Гусев вздохнул и продолжил:
— В ту ночь, когда они операционную обнесли, Жданов их видел. Не скажу точно, где и как именно, это я с их слов знаю…
— Кто «они»? — уточнил Платонов.
— Сергачев, Павлов и Ахутин. И был еще кто-то, кто все у них принимал и прятал, потому что они сами не успели бы никак, — ответил Тимофей таким тоном, будто это было само собой, что именно они, и никто другой. — Просто Сергачева вчера забрали, у него проездные домой оформлены, а Павлов завтра уходит.
— И поэтому ты их бояться перестал?
Гусев кивнул.
— Ахутин, когда он один, чмо полное, — немного оживился он. — Он только рядом с Сергачевым ничего не боялся.
— И как ты узнал про них и про Жданова?
Гусев сел поудобнее, оперся спиной о стену и почувствовал себя гораздо спокойнее, когда произнес фамилии воров и оценил свои перспективы.
— Я часто в библиотеку ходил, а там же в клубе еще комната есть с тренажерами всякими, теннисным столом. Эти трое часто там бывали. И я случайно услышал, как они с кем-то договорились и что-то будут продавать. За забор, бабке одной. Я сразу не очень понял, но решил получше узнать. Смотрел днем, где и с кем они тусуются. И увидел, как они типа в магазин сходили, купили там чего-то по мелочи, потом по задней аллее прошли, где короб бетонный с трубами от котельной, присели на него. Двое закурили, а Сергачев оттуда, из короба, достал какой-то сверток белый, вроде простыни, и быстро в пакет спрятал. Я далеко был, в беседке, но видно было все как на ладони, только не понятно, тяжелый сверток или нет. Пакет его выдержал…
Платонов заинтересованно слушал.
— Потом они пошли за столярный цех, к забору. Я за ними, чуть поодаль. Сергачев позвонил, за забором лестницу приставили, тетка какая-то поднялась.
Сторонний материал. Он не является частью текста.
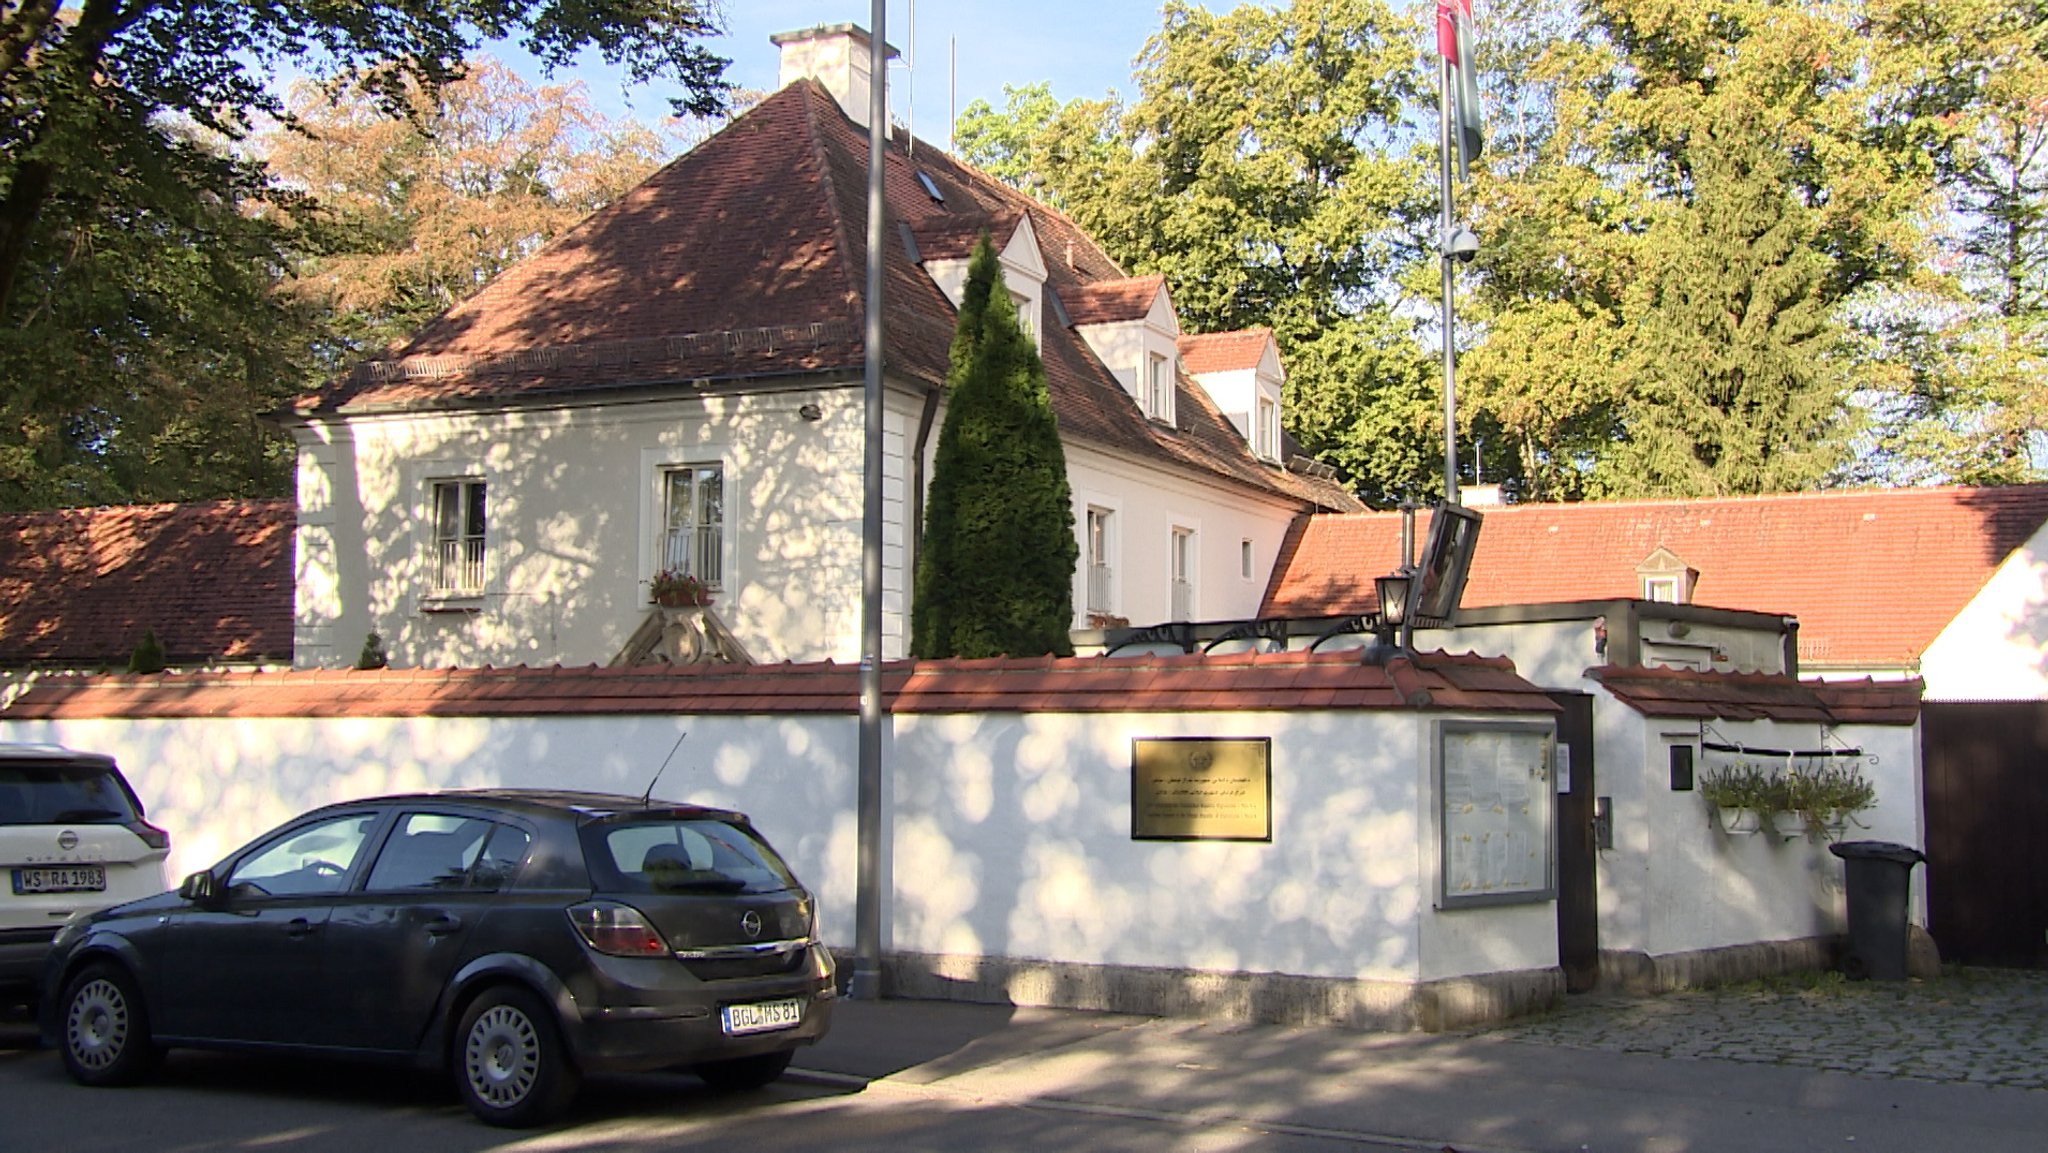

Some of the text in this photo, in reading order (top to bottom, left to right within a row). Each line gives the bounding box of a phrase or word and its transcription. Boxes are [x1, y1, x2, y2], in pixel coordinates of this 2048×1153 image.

Сверток ей бросили, она поймала, потрясла, заглянула, потом им что-то маленькое в ответ кинула. Я думаю, деньги. Они взяли и ушли.
— И как ты понял, что это вообще? И кто операционную ограбил? — спросил Платонов, хотя ему было понятно, что Гусев не ошибся.
— Я вечером напросился сводку в приемное отнести после того, как дверь в отделение закрыли, а обратно пошел мимо того места. Присел закурить, заглянул… Там две бутыли темных было со спиртом, часы настенные, несколько простыней и бикс с инструментами. Сверху все мешком грязным прикрыто. Если не знаешь, куда смотреть, то и не заметишь. Только спиртом пахнет — не сильно, но чувствуется. Поэтому, наверное, собаки и не растащили все.
— А Жданов тут при чем? — не понял Платонов. — Тем более, что все это ты видел тогда, когда Ждун в реанимации лежал — правильно я понимаю?
— Да, — кивнул Гусев. — Но я видел кое-что. Через три дня после кражи. Или через четыре… Да, через четыре. Видел, как Жданов какие-то штуки глотал в туалете. Шарики из фольги.
— Какие шарики? — не понял Платонов.
— Из фольги от шоколадки, — пояснил Гусев таким голосом, словно все вокруг эти шарики каждый день делают. — Штук десять таких шариков проглотил. В туалете после отбоя. Я тогда почему-то решил, что никому не скажу — думал, обойдется. А когда ему плохо стало и его всего в крови отсюда увезли — тогда точно решил, что промолчу…
Внизу грохнула дверь, Платонов услышал легкий стук каблуков.
— Сейчас сюда женщина зайдет — при ней можешь говорить все, что угодно, не бойся, — подготовил он Гусева. — Она человек от наших дел далекий, но может что-то дельное посоветовать. Считай ее моим первым помощником.
Тимофей недоверчиво кивнул, но смирился — он слишком далеко зашел в беседе с подполковником, чтобы на полпути сворачивать. Тем временем звук шагов был все ближе — и через мгновенье в ординаторскую вошла Инна.
Платонов встретил ее в дверях. Без макияжа она выглядела сразу на свои тридцать восемь — судя по всему, после борьбы с потопом на работе Инна не заезжала никуда, направившись сразу в госпиталь.